Clock drift

For as long as I’ve owned my laptop, I’ve had problems with the clock being slow. It’s not some silly “my clock is set to a time five minutes in the past and I can’t fix it” kind of thing, I mean the clock really runs slow.

For example, when I start work in the morning one of the first things I do is

$ sudo rdate -s time-b.nist.gov

in order to sync my clock. Around 11:00 AM Solveig might ask me if I’m hungry and if I want some lunch. This makes me think that it’s too early for lunch until it dawns on me that my clock has fallen behind. Once more I

$ sudo rdate -s time-b.nist.gov

and I realize that the actual time is something like 1:30 PM. Four hours whent by, but my computer thought that only two hours had passed.

Later in the afternoon I’ll be unable to believe how long the day is dragging on. I’ll stare at the clock thinking “surely it can’t be only 3:30, it feels like I’ve put in at least six hours since lunch!” Then I realize (indeed, I hope) that my clock has been slow again. So I

$ sudo rdate -s time-b.nist.gov

and all of a sudden it’s 4:30 PM (not the six hours I’d assumed, but still an appreciable distance). When my computer tells me another ten minutes have passed, I’ll

$ sudo rdate -s time-b.nist.gov

and I’ll see that in the real world 17 minutes have passed. Often the end of the day is a game between me and my computer, with the computer trying to get me to unwittingly work past 5:00 PM, while I try to fix my clock at what I hope will turn out to be exactly 5:00 PM. So far the computer has proved to be more adept at this game than I am.

Needless to say this little problem wreak certain a sort of havoc on my life. Specifically it makes me always late.
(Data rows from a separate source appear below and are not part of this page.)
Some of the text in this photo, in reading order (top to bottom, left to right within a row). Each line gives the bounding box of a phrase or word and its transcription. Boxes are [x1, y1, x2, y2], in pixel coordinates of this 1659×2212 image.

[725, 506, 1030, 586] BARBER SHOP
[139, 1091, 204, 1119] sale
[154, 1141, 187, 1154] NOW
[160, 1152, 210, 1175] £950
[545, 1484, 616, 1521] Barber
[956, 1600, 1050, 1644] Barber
Late to join conference calls, late for lunch dates, late to meet Solveig when I promised not to be late. Perhaps this is why she gave me a watch for Christmas.
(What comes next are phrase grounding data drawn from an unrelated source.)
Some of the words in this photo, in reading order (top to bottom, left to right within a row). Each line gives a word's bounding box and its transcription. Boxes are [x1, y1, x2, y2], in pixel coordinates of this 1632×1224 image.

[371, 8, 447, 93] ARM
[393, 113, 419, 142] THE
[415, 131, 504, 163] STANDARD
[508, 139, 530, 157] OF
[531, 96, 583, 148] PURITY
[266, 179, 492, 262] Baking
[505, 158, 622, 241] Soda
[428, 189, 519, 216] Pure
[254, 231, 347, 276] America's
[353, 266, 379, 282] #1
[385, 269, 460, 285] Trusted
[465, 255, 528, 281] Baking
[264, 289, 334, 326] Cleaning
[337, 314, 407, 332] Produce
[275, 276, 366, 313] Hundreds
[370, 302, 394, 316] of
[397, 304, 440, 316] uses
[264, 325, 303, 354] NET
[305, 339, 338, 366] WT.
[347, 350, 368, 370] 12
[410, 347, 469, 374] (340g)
I know, I could simply add rdate to my crontab (or even run ntpd to really do the job right), but I just can’t brind myself to do it. It feels too much like treating the symptom, not the problem. I want to be aware of the problem until it’s really fixed, not just hide it behind some clever scripts. As things stand so far, it seems that I’ll remain acutely aware of the problem for some time to come.